What is being asked:
Will you output all of the data below exactly, omitting the images?

Spatial localization data:

+--

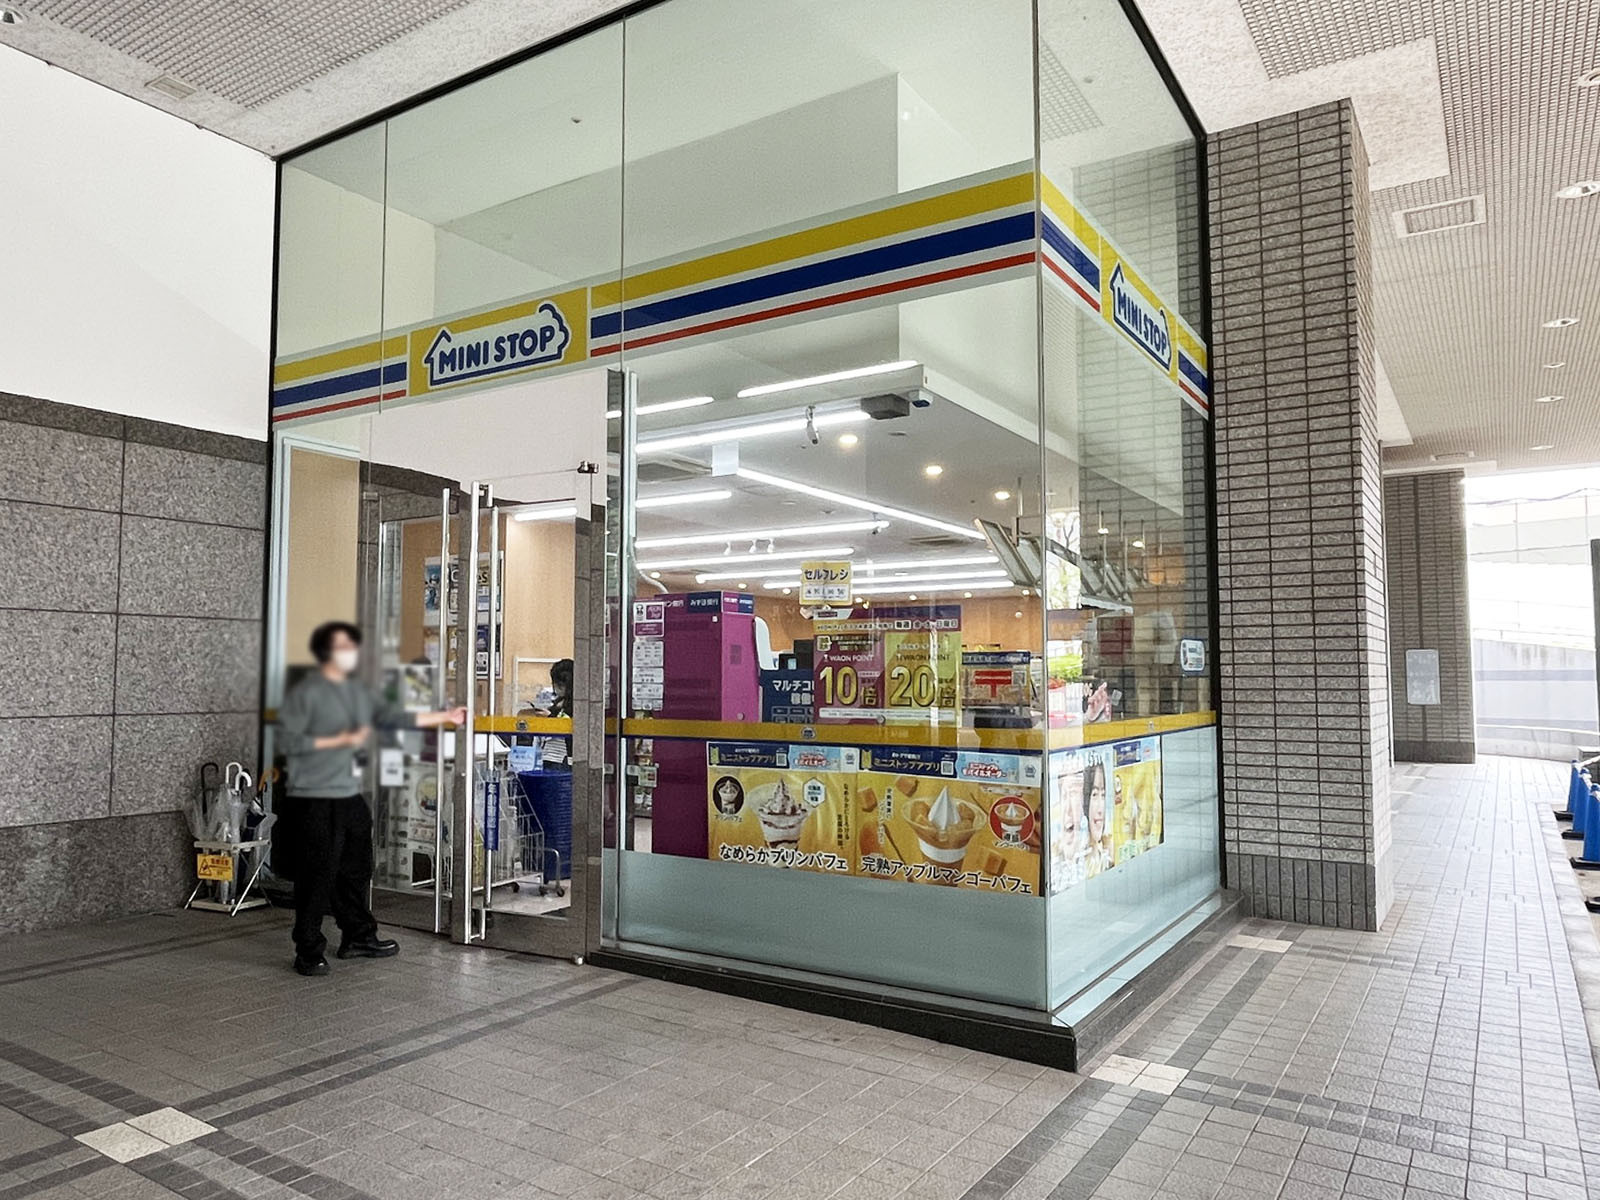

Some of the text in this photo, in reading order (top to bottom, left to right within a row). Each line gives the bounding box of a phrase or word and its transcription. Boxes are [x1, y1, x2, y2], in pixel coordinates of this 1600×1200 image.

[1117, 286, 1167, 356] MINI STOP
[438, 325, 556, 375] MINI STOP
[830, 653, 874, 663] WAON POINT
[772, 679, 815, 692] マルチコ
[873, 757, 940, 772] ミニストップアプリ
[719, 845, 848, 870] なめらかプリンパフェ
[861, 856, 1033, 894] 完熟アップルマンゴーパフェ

+--

Answer for this exercise:
Some of the text in this photo, in reading order (top to bottom, left to right within a row). Each line gives the bounding box of a phrase or word and its transcription. Boxes are [x1, y1, x2, y2], in pixel coordinates of this 1600×1200 image.

[1117, 286, 1167, 356] MINI STOP
[438, 325, 556, 375] MINI STOP
[830, 653, 874, 663] WAON POINT
[772, 679, 815, 692] マルチコ
[873, 757, 940, 772] ミニストップアプリ
[719, 845, 848, 870] なめらかプリンパフェ
[861, 856, 1033, 894] 完熟アップルマンゴーパフェ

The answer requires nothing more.